Filebeat logstash module not working with json processor

lorenzopolidori · January 3, 2020, 4:39pm

Hi,

I am trying to send logs with Filebeat 7.5.1 from an EC2 Ubuntu instance to cloud Elasticsearch.

The log file is /var/log/logback/oauth-service.log, in the following logstash format:

{"@timestamp":"2020-01-02T16:05:16.692+01:00","@version":"1","message":"Running with Spring Boot v2.2.2.RELEASE, Spring v5.2.2.RELEASE","logger_name":"com.moovimento.oauth.Application","thread_name":"main","level":"DEBUG","level_value":10000}
{"@timestamp":"2020-01-02T16:05:16.693+01:00","@version":"1","message":"The following profiles are active: dev","logger_name":"com.moovimento.oauth.Application","thread_name":"main","level":"INFO","level_value":20000}
{"@timestamp":"2020-01-02T16:05:17.400+01:00","@version":"1","message":"Bootstrapping Spring Data MongoDB repositories in DEFAULT mode.","logger_name":"org.springframework.data.repository.config.RepositoryConfigurationDelegate","thread_name":"main","level":"INFO","level_value":20000}

My /etc/filebeat/filebeat.yml is as follows:

filebeat.inputs:
- type: log
  enabled: true
  paths:
    - /var/log/*.log
  fields:
    level: debug

filebeat.config.modules:
  path: ${path.config}/modules.d/*.yml
  reload.enabled: false

setup.template.settings:
  index.number_of_shards: 1

cloud.id: "<name>:<key>"
cloud.auth: "elastic:<password>"

processors:
  - add_host_metadata: ~
  - add_cloud_metadata: ~
  - add_docker_metadata: ~
  - add_kubernetes_metadata: ~

logging.level: debug

My /etc/filebeat/modules.d/logstash.yml is as follows

- module: logstash
  log:
    enabled: true
    var.paths: ["/var/log/logback/*"]
    var.format: json
  slowlog:
    enabled: false

I setup the pipeline with

filebeat modules enable logstash
filebeat setup -e
service filebeat restart

However, for some reason I can's see any logs on Kibana.

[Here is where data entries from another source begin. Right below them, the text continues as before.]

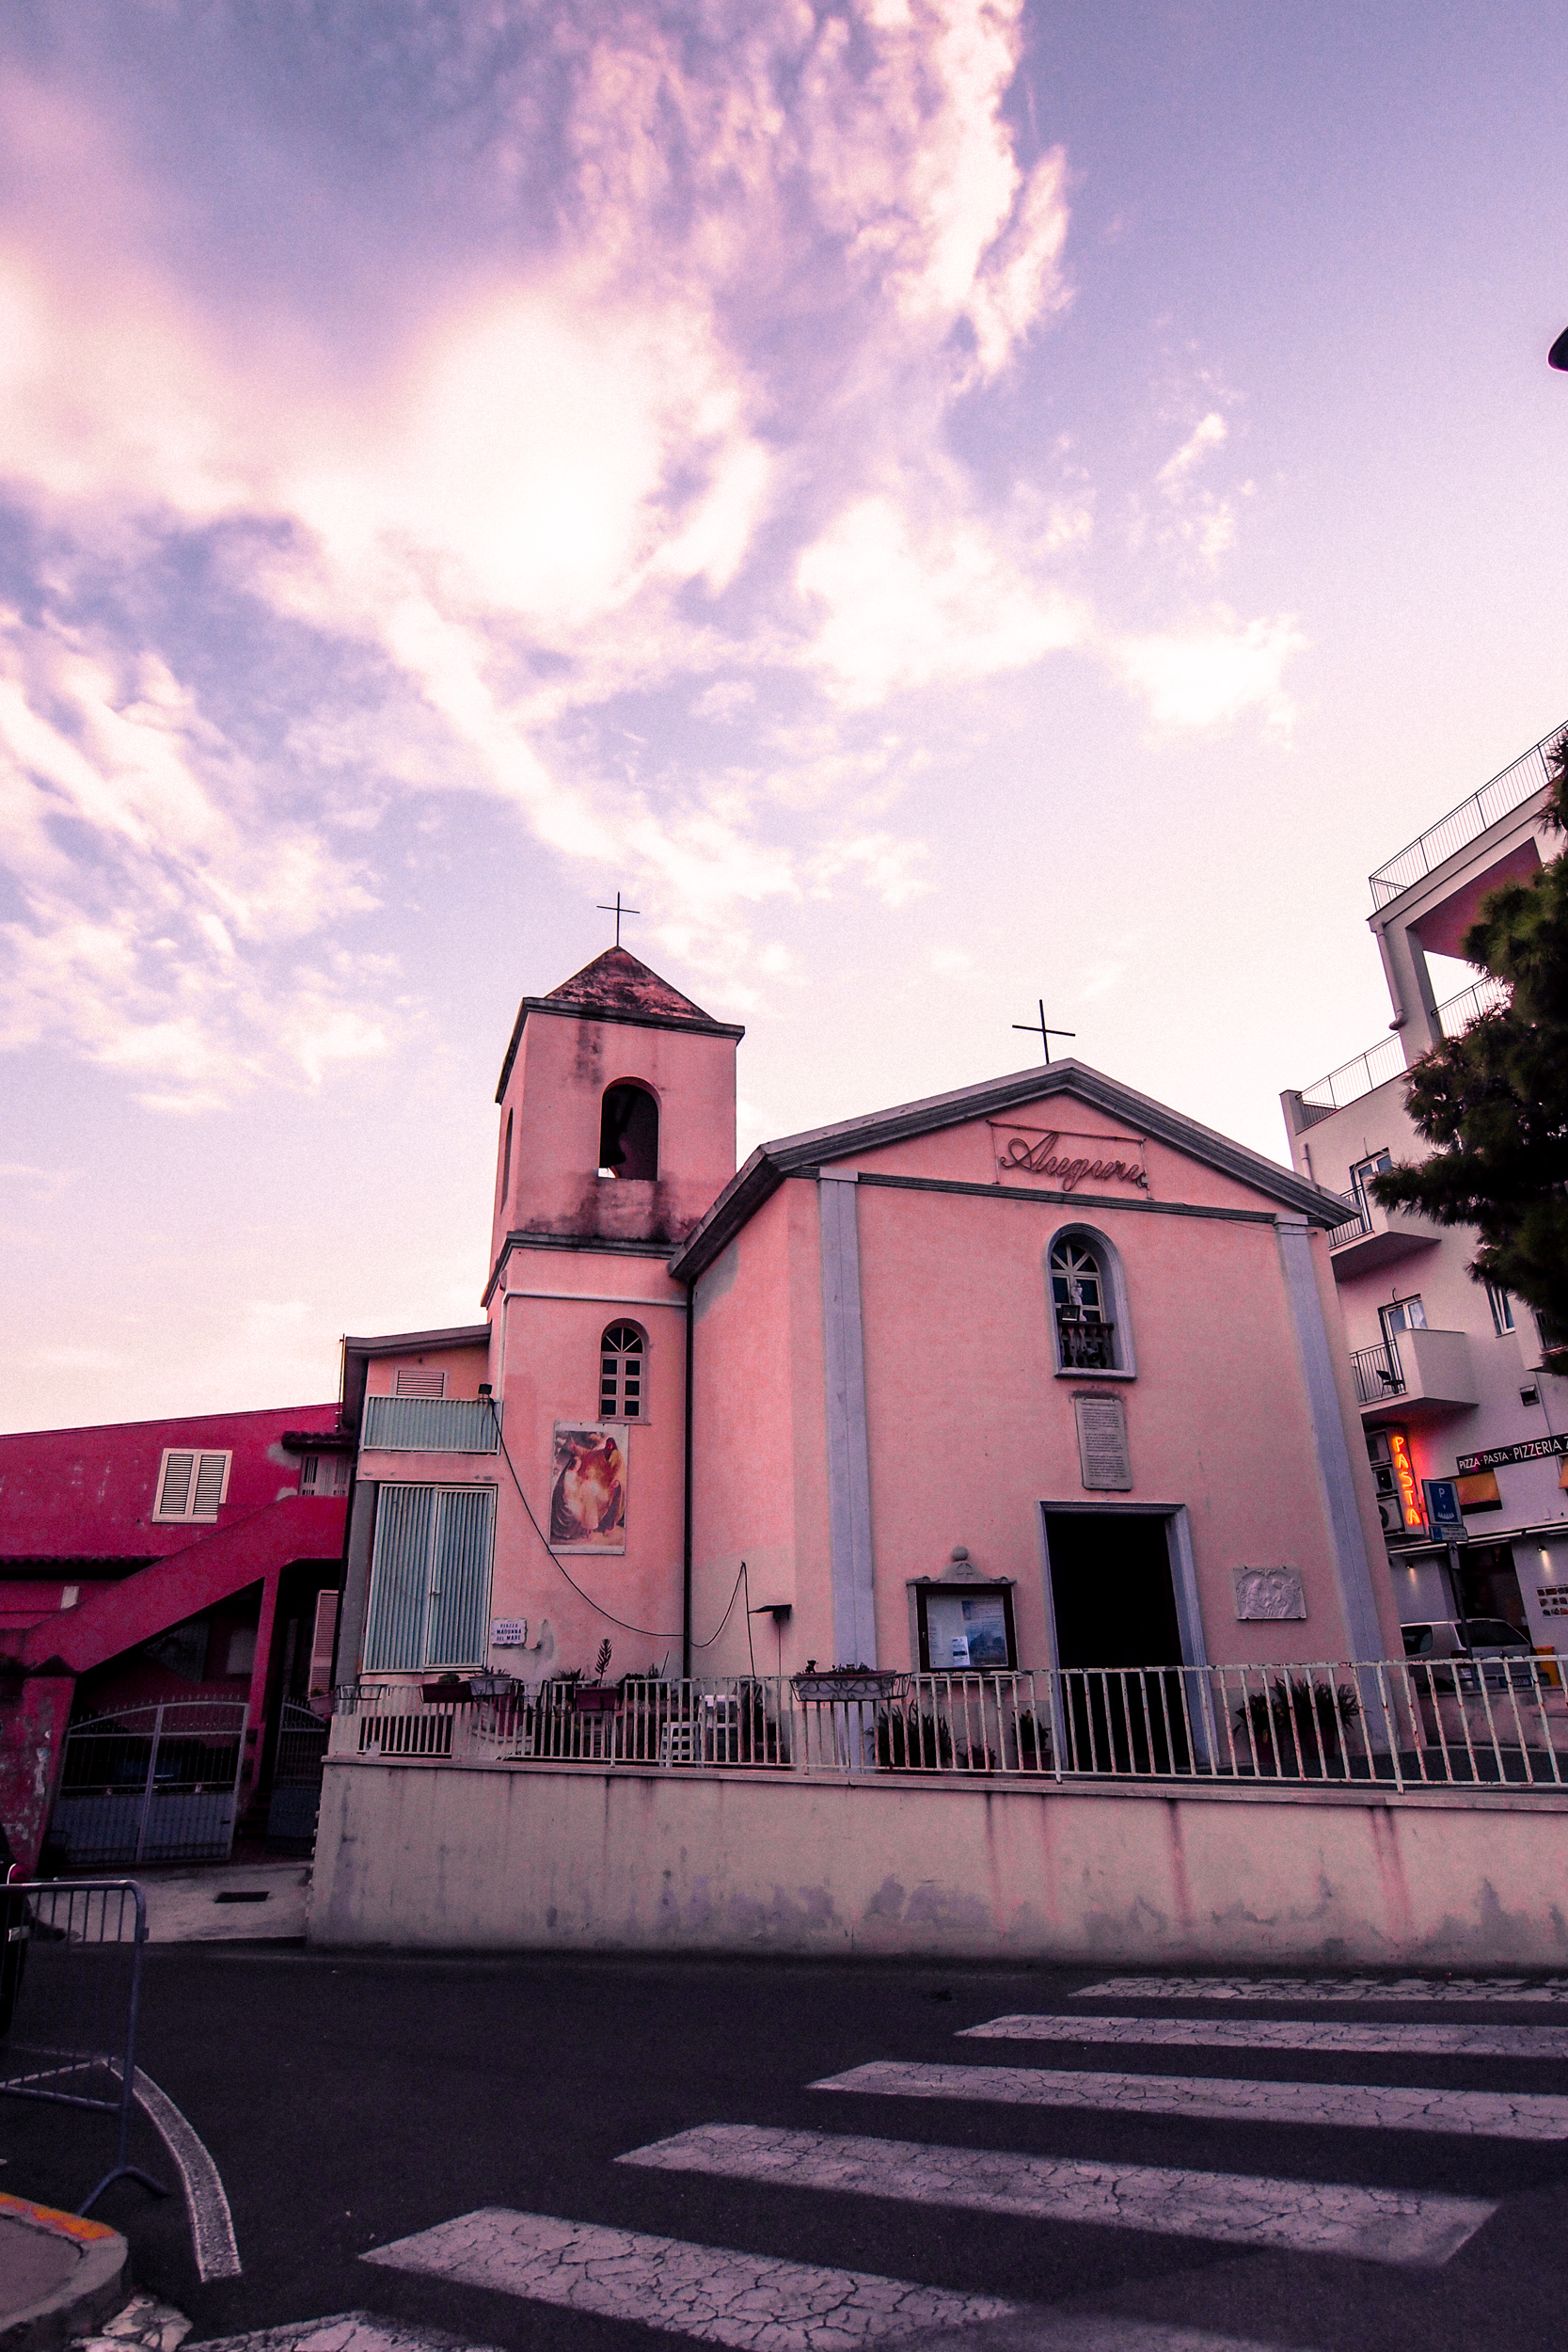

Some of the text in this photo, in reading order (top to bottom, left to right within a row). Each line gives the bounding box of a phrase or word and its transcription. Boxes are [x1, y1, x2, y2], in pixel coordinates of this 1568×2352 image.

[1459, 1457, 1481, 1470] PIZZA
[1483, 1452, 1510, 1465] PASTA
[1513, 1438, 1563, 1460] PIZZERIA
[1393, 1436, 1421, 1525] PASTA
[1438, 1487, 1446, 1499] P

If I omit var.format: json in logstash.yml, I can see the logs on Kibana but not properly formatted, since the grok processor expects plain format, i.e. the message field contains the whole escaped json logs.

logstash is actually not running on the machine, my application is directly logging into /var/log/logback/oauth-service.log using logback.

Note: I can ingest nginx access logs and see them on kibana with no problems using the nginx Filebeat module.

faec · January 8, 2020, 8:43pm

Hmm, it is strange that the format line alone would make the difference. Can you check the logs for Filebeat itself? Since you are writing "logstash-format" logs rather than using logstash itself, my first suspicion is that the logstash module is making some assumption that fails on your data (e.g. a missing field, a field of the wrong type, etc.) which is preventing ingestion. It's hard to tell what it might be from the log itself, though, so checking the Filebeat logs to look for failures is probably the next step.

Alternatively, you can still ingest json without using the logstash module -- if you use a plain log input with json settings that should bypass any logstash-specific assumptions that are breaking things. See the log input configuration docs for details. Whether this works for you depends on why you needed the logstash module specifically, though.

lorenzopolidori · January 8, 2020, 9:54pm

Hi @faec, thanks for your suggestion. Your second option is exactly what I ended up doing:

- type: log
    enabled: true

    paths:
        - /var/log/logback/*.log

    fields:
        application:
            name: app-name 

    fields_under_root: true

    json:
        keys_under_root: true
        overwrite_keys: true
        add_error_key: true

This is working as expected.

system · February 5, 2020, 9:54pm

This topic was automatically closed 28 days after the last reply. New replies are no longer allowed.